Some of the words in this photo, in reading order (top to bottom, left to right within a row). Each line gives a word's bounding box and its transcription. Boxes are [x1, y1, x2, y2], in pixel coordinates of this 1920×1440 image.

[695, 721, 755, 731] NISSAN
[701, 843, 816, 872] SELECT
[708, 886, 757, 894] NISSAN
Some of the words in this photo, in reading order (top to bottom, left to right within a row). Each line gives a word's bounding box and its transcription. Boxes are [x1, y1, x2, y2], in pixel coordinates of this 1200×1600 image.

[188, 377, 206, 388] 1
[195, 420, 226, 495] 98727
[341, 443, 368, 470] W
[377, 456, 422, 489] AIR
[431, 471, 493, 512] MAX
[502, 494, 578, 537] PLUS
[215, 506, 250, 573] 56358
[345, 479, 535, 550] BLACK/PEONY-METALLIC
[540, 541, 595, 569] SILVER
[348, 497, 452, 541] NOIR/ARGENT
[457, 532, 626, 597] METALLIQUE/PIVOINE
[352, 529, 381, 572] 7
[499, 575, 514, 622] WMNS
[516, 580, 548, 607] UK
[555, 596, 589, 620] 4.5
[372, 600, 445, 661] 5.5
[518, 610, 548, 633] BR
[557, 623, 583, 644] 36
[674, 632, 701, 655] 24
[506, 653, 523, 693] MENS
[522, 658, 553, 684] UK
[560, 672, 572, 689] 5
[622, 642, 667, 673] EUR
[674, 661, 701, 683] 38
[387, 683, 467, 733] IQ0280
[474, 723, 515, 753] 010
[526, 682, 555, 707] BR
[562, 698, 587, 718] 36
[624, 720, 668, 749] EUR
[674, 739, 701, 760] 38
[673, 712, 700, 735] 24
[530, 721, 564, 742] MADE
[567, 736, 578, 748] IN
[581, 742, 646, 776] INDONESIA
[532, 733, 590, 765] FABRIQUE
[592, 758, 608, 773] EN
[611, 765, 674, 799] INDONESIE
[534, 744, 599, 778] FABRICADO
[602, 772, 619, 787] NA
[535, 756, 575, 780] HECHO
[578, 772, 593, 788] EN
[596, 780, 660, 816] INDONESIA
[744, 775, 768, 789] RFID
:::::
_Try it:_ The line containing "this 1200×1600 image." begins the span, and the last line of the records above ends it. Return that span exactly, and nothing outside it.

_Written reply:_
Some of the words in this photo, in reading order (top to bottom, left to right within a row). Each line gives a word's bounding box and its transcription. Boxes are [x1, y1, x2, y2], in pixel coordinates of this 1200×1600 image.

[188, 377, 206, 388] 1
[195, 420, 226, 495] 98727
[341, 443, 368, 470] W
[377, 456, 422, 489] AIR
[431, 471, 493, 512] MAX
[502, 494, 578, 537] PLUS
[215, 506, 250, 573] 56358
[345, 479, 535, 550] BLACK/PEONY-METALLIC
[540, 541, 595, 569] SILVER
[348, 497, 452, 541] NOIR/ARGENT
[457, 532, 626, 597] METALLIQUE/PIVOINE
[352, 529, 381, 572] 7
[499, 575, 514, 622] WMNS
[516, 580, 548, 607] UK
[555, 596, 589, 620] 4.5
[372, 600, 445, 661] 5.5
[518, 610, 548, 633] BR
[557, 623, 583, 644] 36
[674, 632, 701, 655] 24
[506, 653, 523, 693] MENS
[522, 658, 553, 684] UK
[560, 672, 572, 689] 5
[622, 642, 667, 673] EUR
[674, 661, 701, 683] 38
[387, 683, 467, 733] IQ0280
[474, 723, 515, 753] 010
[526, 682, 555, 707] BR
[562, 698, 587, 718] 36
[624, 720, 668, 749] EUR
[674, 739, 701, 760] 38
[673, 712, 700, 735] 24
[530, 721, 564, 742] MADE
[567, 736, 578, 748] IN
[581, 742, 646, 776] INDONESIA
[532, 733, 590, 765] FABRIQUE
[592, 758, 608, 773] EN
[611, 765, 674, 799] INDONESIE
[534, 744, 599, 778] FABRICADO
[602, 772, 619, 787] NA
[535, 756, 575, 780] HECHO
[578, 772, 593, 788] EN
[596, 780, 660, 816] INDONESIA
[744, 775, 768, 789] RFID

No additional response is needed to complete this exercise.